*WORK ITEM*: Return all the data verbatim but without images.
___
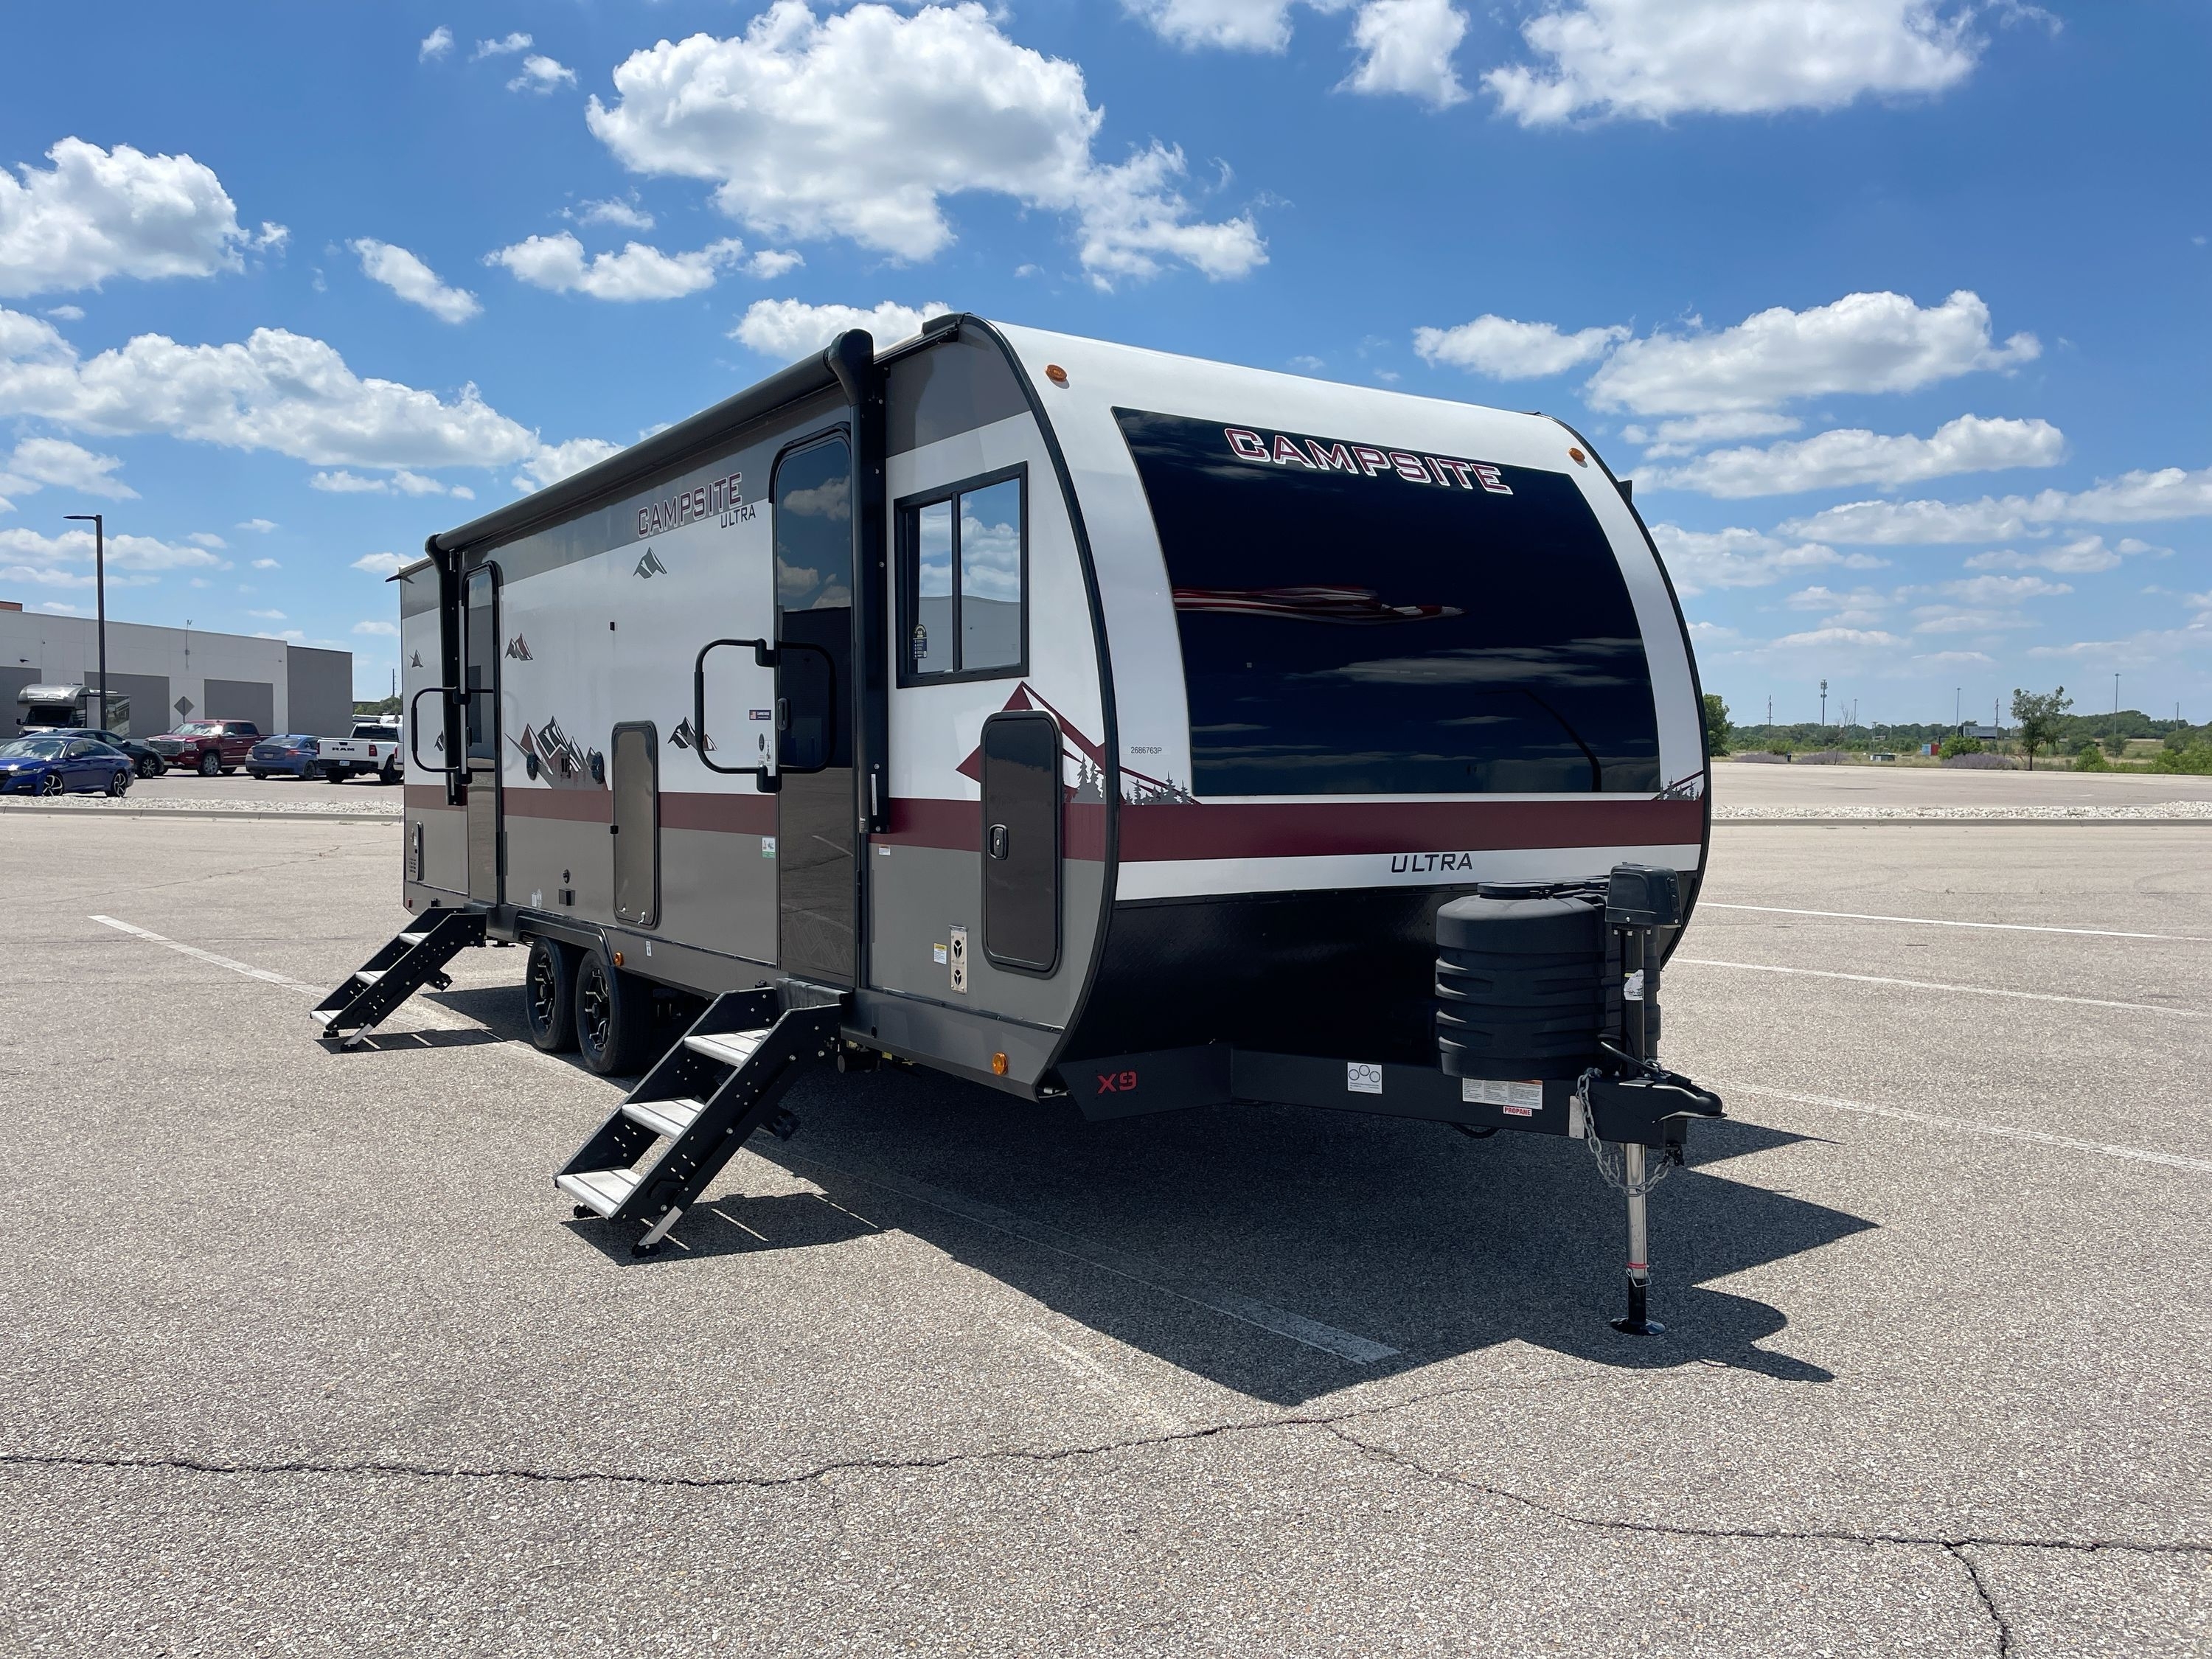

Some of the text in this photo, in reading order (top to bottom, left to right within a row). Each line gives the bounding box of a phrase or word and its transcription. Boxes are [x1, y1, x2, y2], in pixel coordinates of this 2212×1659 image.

[1223, 428, 1514, 495] CAMPSITE
[638, 472, 743, 538] CAMPSITE
[720, 504, 757, 529] ULTRA
[1130, 746, 1162, 754] 2686763P
[1391, 853, 1473, 873] ULTRA
[1097, 1071, 1138, 1094] X9
[1504, 1107, 1531, 1116] PROPANE
___
*ANSWER FOR THIS EXERCISE*:
Some of the text in this photo, in reading order (top to bottom, left to right within a row). Each line gives the bounding box of a phrase or word and its transcription. Boxes are [x1, y1, x2, y2], in pixel coordinates of this 2212×1659 image.

[1223, 428, 1514, 495] CAMPSITE
[638, 472, 743, 538] CAMPSITE
[720, 504, 757, 529] ULTRA
[1130, 746, 1162, 754] 2686763P
[1391, 853, 1473, 873] ULTRA
[1097, 1071, 1138, 1094] X9
[1504, 1107, 1531, 1116] PROPANE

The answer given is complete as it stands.